Il video, pubblicato dall’associazione Coscioni dopo la morte della malata, permette di ascoltare direttamente da Elena le ragioni della sua scelta: a parlare, infatti, è una donna evidentemente emaciata, ma in grado di parlare e che non è mantenuta in vita da macchinari, nè costretta in un letto: «Non ho nessun supporto vitale per vivere, solo una cura a base di cortisone», ha spiegato la donna.
Un caso nuovo
Proprio questo rende il caso di Elena molto diverso da quello di dj Fabo, per il quale Cappato è già stato processato e assolto con l’ipotesi di reato di aiuto al suicidio. Il caso, rinviato alla Corte costituzionale, ha prodotto la cosiddetta sentenza Cappato, che ha dichiarato parzialmente incostituzionale il reato, prevedendone la non punibilità a determinate condizioni.
In particolare, nel caso in cui il paziente sia «tenuto in vita da trattamenti di sostegno vitale», sia «affetto da una patologia irreversibile, fonte di sofferenze fisiche o psicologiche che egli reputa intollerabili» e sia «pienamente capace di prendere decisioni libere e consapevoli», scegliendo così di porre fine alla sua vita. Inoltre, la non punibilità di chi aiuta il paziente malato è subordinata alla verifica di alcune condizioni mediche, sentito il parere del comitato etico territoriale per il via libera definitivo. E’ stato questo il caso di Mario/Federico Carboni, il malato di Ancona che ha potuto accedere al suicidio assistito in Italia dopo una lunga battaglia che ha portato al sì dei medici e dopo il crowd founding per acquistare il farmaco e la strumentazione non previste dal servizio sanitario nazionale.

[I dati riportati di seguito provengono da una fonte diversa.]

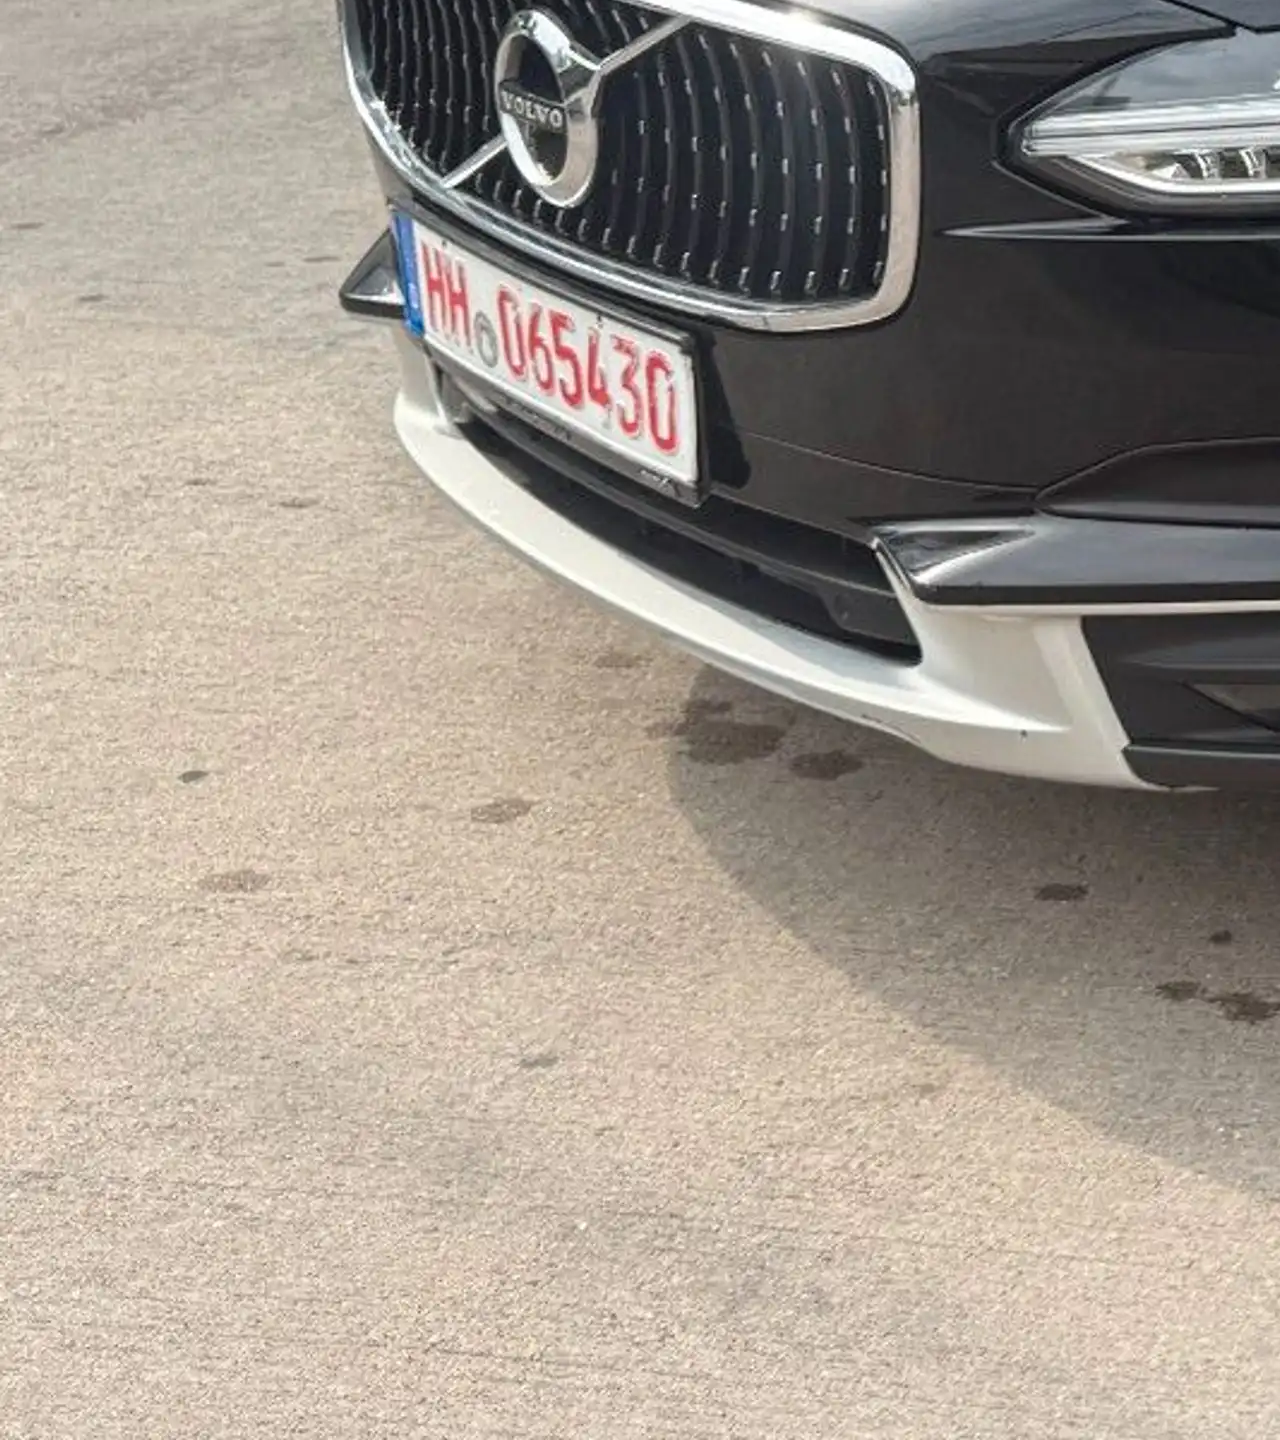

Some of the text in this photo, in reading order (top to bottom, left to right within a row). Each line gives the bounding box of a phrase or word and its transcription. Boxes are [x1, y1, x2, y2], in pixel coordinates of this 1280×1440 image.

[501, 89, 563, 128] VOLVO
[420, 240, 678, 452] HH 065430
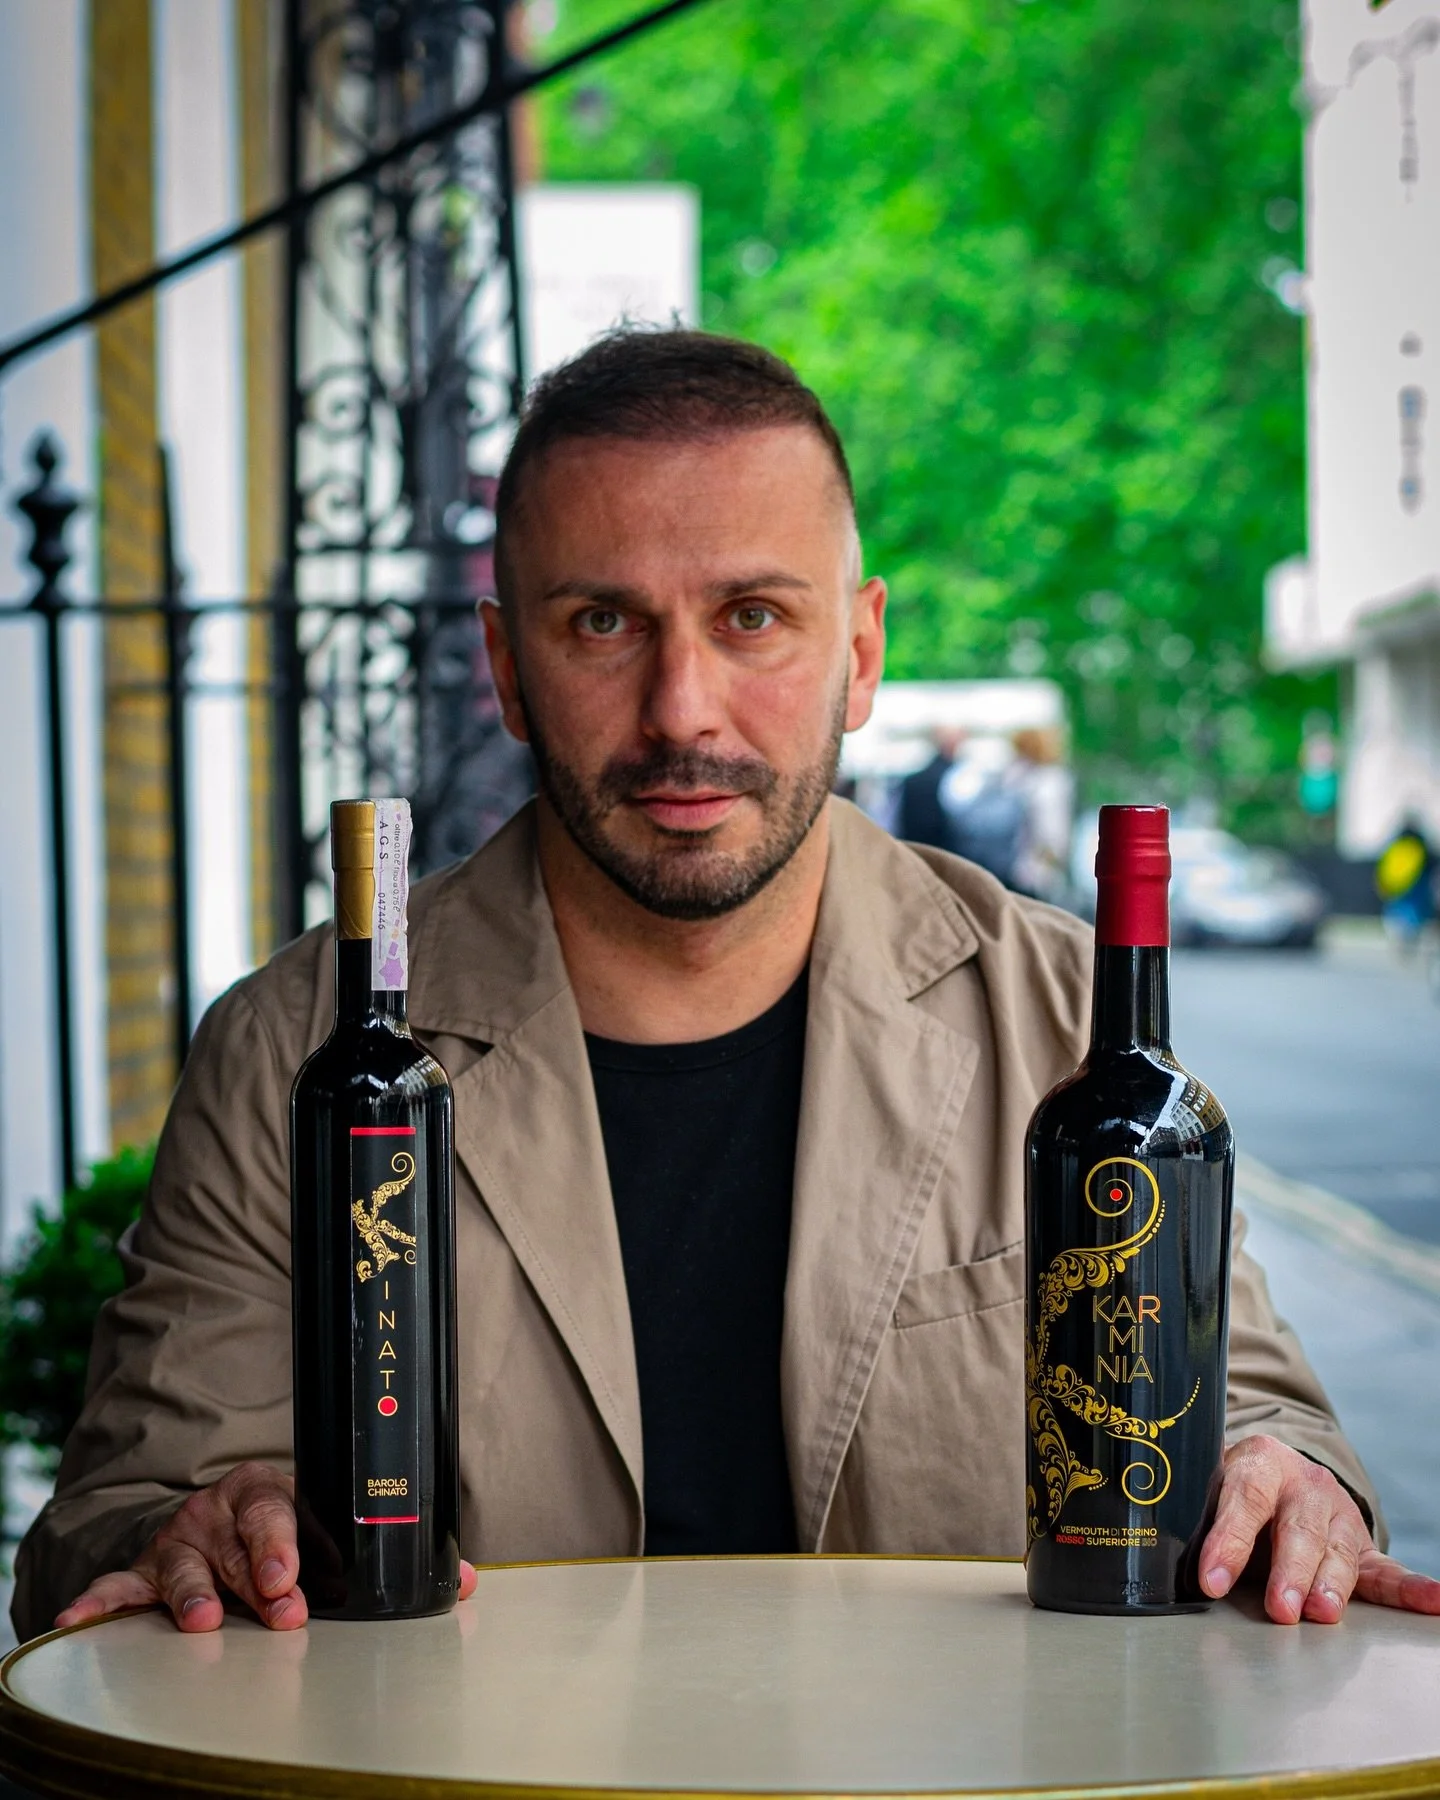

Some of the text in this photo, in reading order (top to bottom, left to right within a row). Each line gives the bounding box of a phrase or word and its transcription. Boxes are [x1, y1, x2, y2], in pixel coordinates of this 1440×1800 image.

Il caso di Elena, invece, è evidentemente diverso rispetto alla cornice fissata dalla sentenza costituzionale. La donna, infatti, manca del primo requisito previsto in via giurisprudenziale, ovvero il fatto di essere «tenuta in vita da trattamenti di sostegno vitale».
Cosa rischia Cappato
Questo nuovo caso, quindi, non è coperto dalle previsioni di non punibilità indicate dalla sentenza Cappato. Il tesoriere dell’associazione Coscioni, dunque, rischia fino a 12 anni di carcere per l'accusa di aiuto al suicidio.
«Per Cappato si tratta di una nuova disobbedienza civile», spiega l’associazione Coscioni. Ora, quindi, inizia un nuovo lungo percorso giudiziario per Cappato, che potrebbe arrivare di nuovo davanti alla Corte costituzionale. L’esito, però, rischia di essere diverso proprio perchè una nuova sentenza dovrebbe allargare le maglie di quella che la ha preceduta, eliminando dalle previsioni il fatto che il malato sia tenuto in vita artificialmente.
In parlamento è in corso l’iter per l’approvazione di una legge che recepisca l’orientamento della Consulta, già votato alla Camera e fermo al Senato. Tuttavia, nemmeno la legge non ancora approvata renderebbe non punibile la condotta di Cappato, proprio perchè fa propri i limiti posti dai giudici costituzionali ma non li allarga.
In Svizzera, dove Cappato ha accompagnato Elena, invece, l’assistenza al sucidio è legale dagli anni Quaranta. Per farlo esistono cliniche a pagamento con medici che assistono, ma è il malato a compiere l’ultimo gesto attraverso l’assunzione di farmaci che producono prima il coma profondo e poi il decesso. L’unica condizione posta dal codice penale svizzero è che il malato non agisca per motivi “egoistici” (l’equivalente italiano di un “dolo specifico”), quindi motivi di lucro o vantaggi di qualsiasi tipo.